Schuff International Announces Strategic Agreements to Improve Capital Structure; Company Also Announces Private Sale of Common Stock Between Schuff Family and Institutional Investors

Schuff International, Inc. (OTC:SHFK), a family of companies providing fully integrated steel construction services, announced today that it has entered into two key agreements that will replace nearly $60 million of its near-term, higher-cost obligations with long-term, lower-cost debt.

The company announced a purchase agreement with Plainfield Asset Management LLC for the sale of $30 million of 7% Convertible Subordinated Notes due 2013. The notes will be issued at 98% of the principal amount. The purchase agreement was signed on August 31, 2006, and is scheduled to close prior to the partial call date of September 29, 2006. The notes, due September 2013, carry a seven-year term non-callable, and are convertible into 2.5 million shares of Schuff International common stock at the option of the holder at a conversion price of $12.00. The notes accrue interest that will be payable semiannually.

Schuff International intends to use the net proceeds from the offering to repay existing indebtedness -- including the retirement of $30 million of its outstanding $75 million 10.5% publicly held senior unsecured notes due June 1, 2008, at a price of 101.313% of face value, plus accrued interest.

In addition, the company announced that it has elected to redeem an additional $29.2 million in principal of its senior notes at a price of 101.313% of face value, plus accrued interest. The source of these funds was available cash and a $25 million expansion of its existing credit facility with Wells Fargo Bank.

As a result of these transactions, the balance of the company's 10.5% senior notes due June 1, 2008 is $15 million.

Separately, Schuff International announced that the Schuff family, through The Schuff Family Trust, The Schuff Irrevocable Trust and David A. Schuff, completed the private sale of 1.5 million shares of Schuff International common stock held by the Schuff family to D. E. Shaw Laminar Portfolios, LLC and Plainfield on a 50-50 basis at a price of $12.00 per share. Following the transaction, which was completed on August 31, 2006, the Schuff family owns 49.3% of shares outstanding, Laminar and Plainfield collectively own approximately 29.5% and others own 21.2%. Percentages for Laminar and Plainfield do not reflect the conversion of the notes into shares of Schuff International common stock as set forth above.

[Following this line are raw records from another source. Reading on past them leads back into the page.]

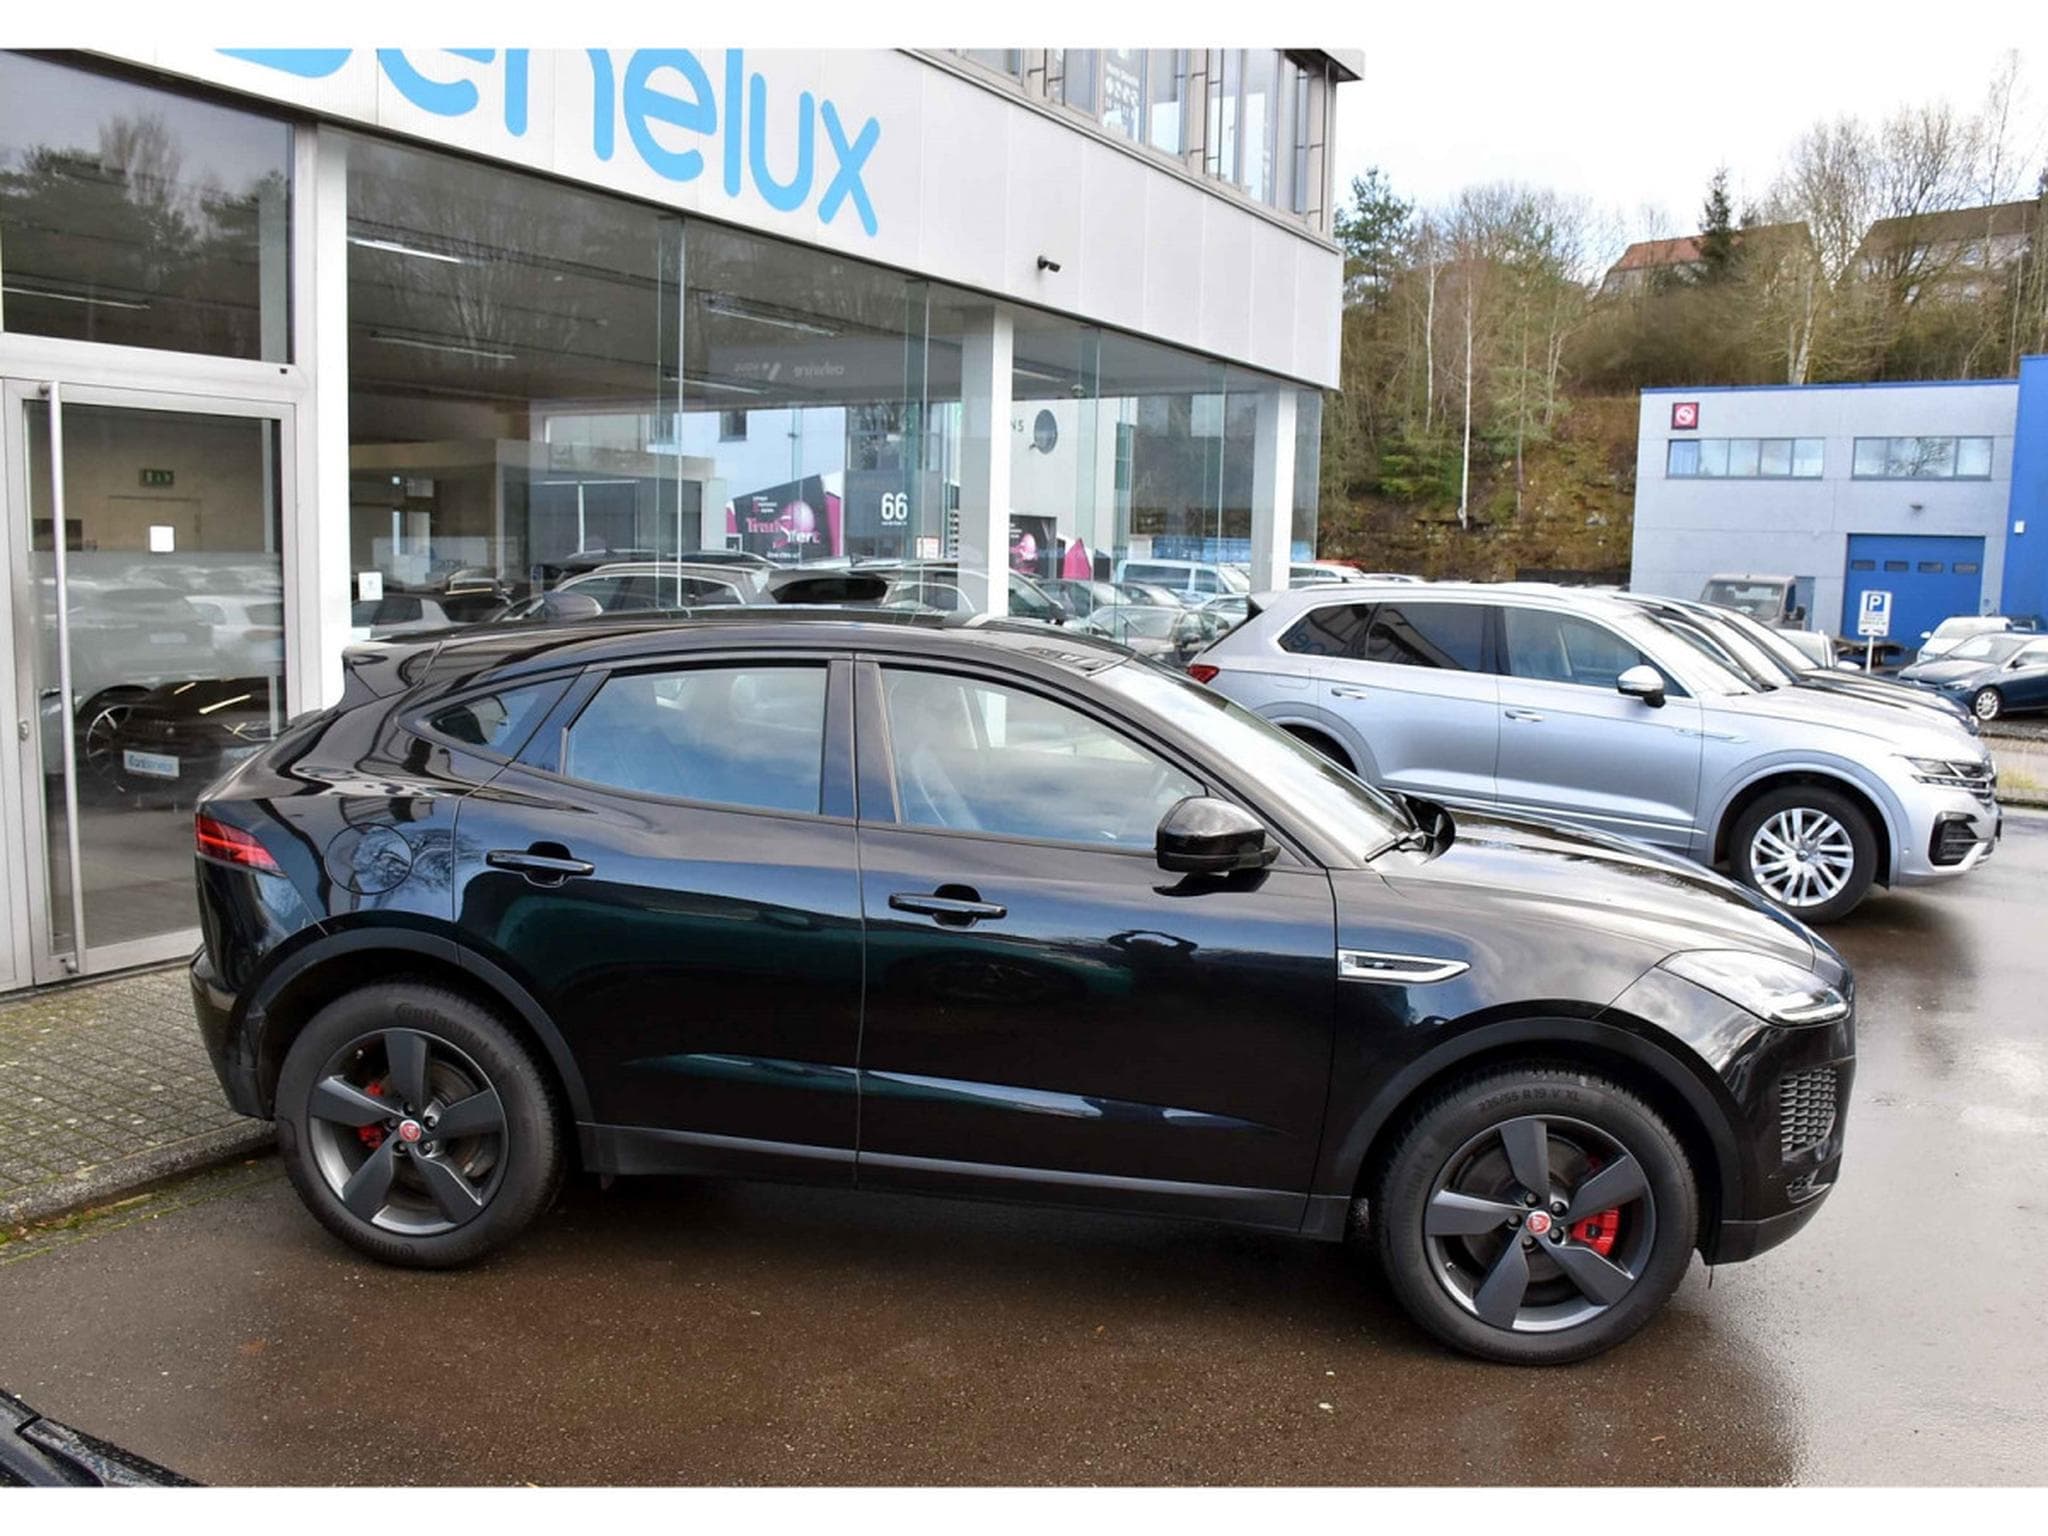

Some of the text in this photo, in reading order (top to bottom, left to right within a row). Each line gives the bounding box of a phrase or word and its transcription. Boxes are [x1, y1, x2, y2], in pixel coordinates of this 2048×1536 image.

[213, 48, 881, 237] nelux
[881, 492, 907, 521] 66
[1869, 595, 1882, 610] P
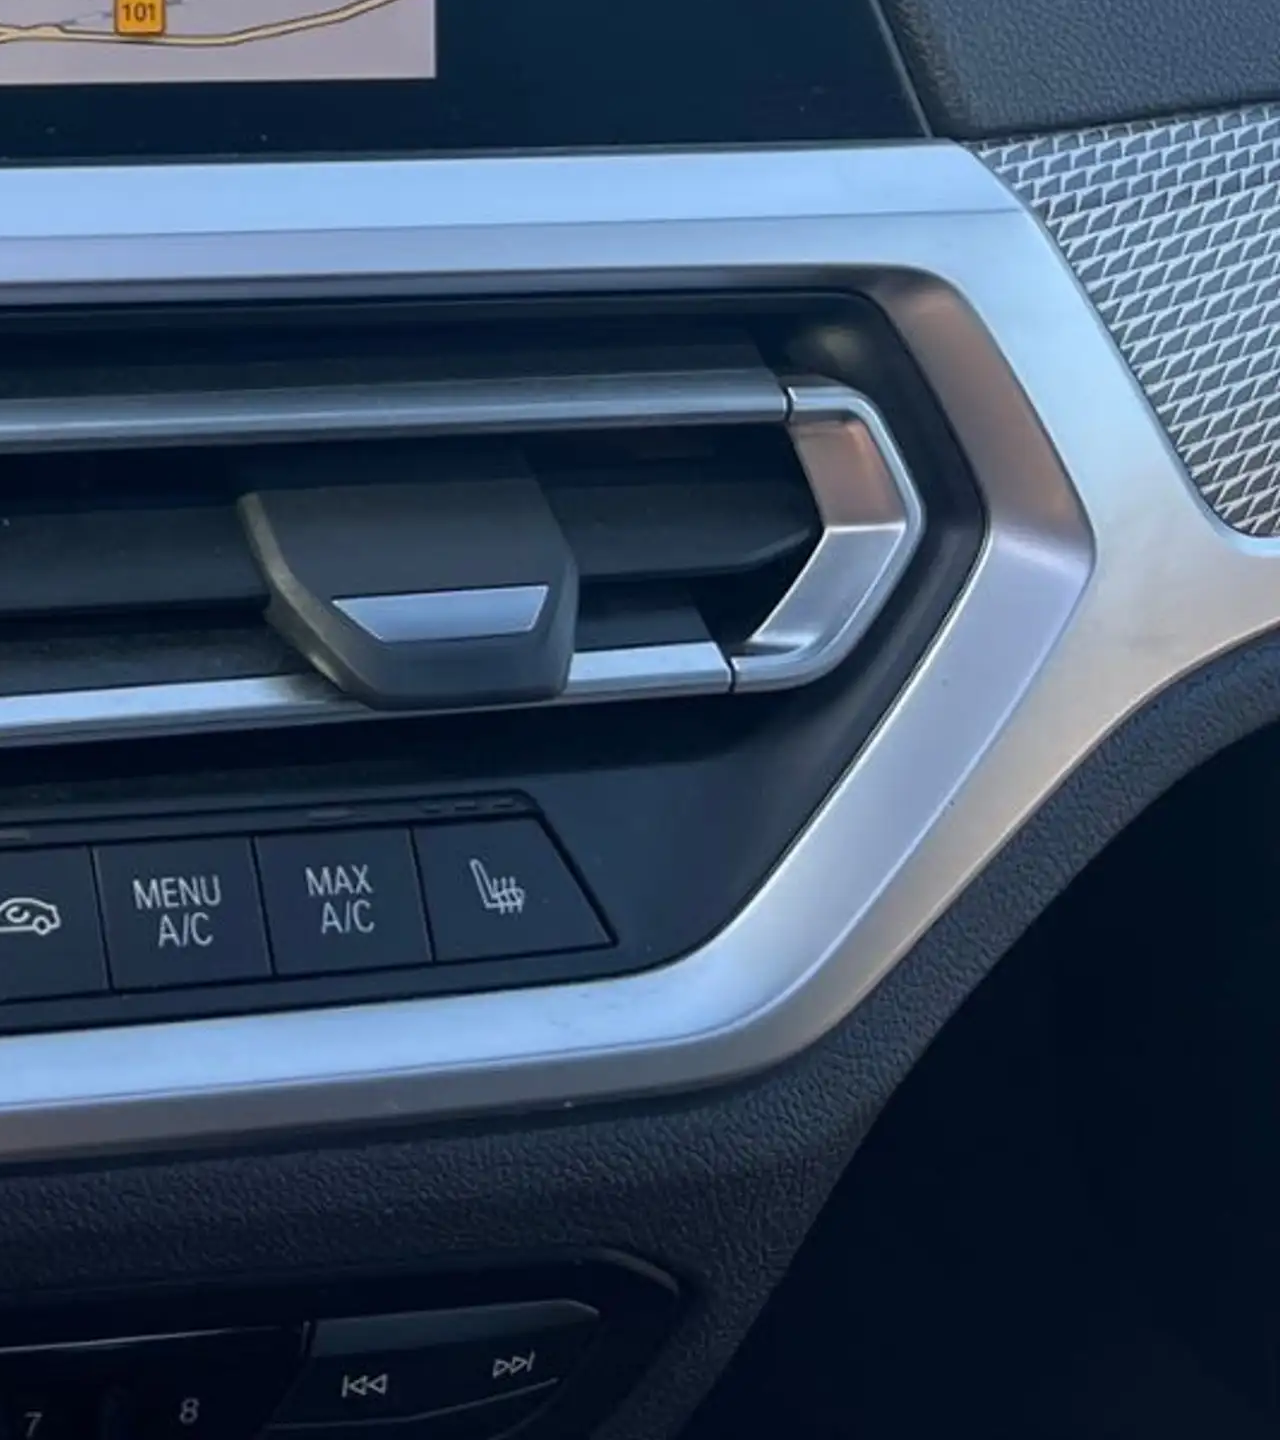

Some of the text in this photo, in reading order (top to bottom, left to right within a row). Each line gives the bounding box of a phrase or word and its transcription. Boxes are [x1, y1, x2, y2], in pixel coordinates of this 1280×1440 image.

[121, 3, 158, 23] 101
[132, 875, 223, 910] MENU
[305, 864, 374, 898] MAX
[157, 912, 214, 948] A/C
[319, 900, 375, 934] A/C
[23, 1411, 44, 1439] 7
[179, 1397, 200, 1425] 8

The notes, and the common stock issuable upon conversion of the notes, and the shares of common stock sold by the Schuff family have not been registered under the Securities Act of 1933, or any state securities laws, and may not be offered or sold in the United States except pursuant to an effective registration statement or an exemption from the registration requirements of the Securities Act of 1933 and applicable state securities laws.

This news release shall not constitute an offer to sell or a solicitation of an offer to buy, nor shall there be any sale of these securities in any state or jurisdiction in which such an offer, solicitation or sale would be unlawful prior to registration or qualification under the securities law of any such state or jurisdiction.

DISCLAIMER: The information contained in this item was current as of the date of original publication, but may not still be current. Some of the information may have been "forward-looking" based upon then current expectations, forecasts and assumptions that involved risks and uncertainties that could cause actual outcomes and results to differ materially. We disclaim any intention or obligation to update or revise this information (including any forward-looking information), whether as a result of new information, future events or otherwise.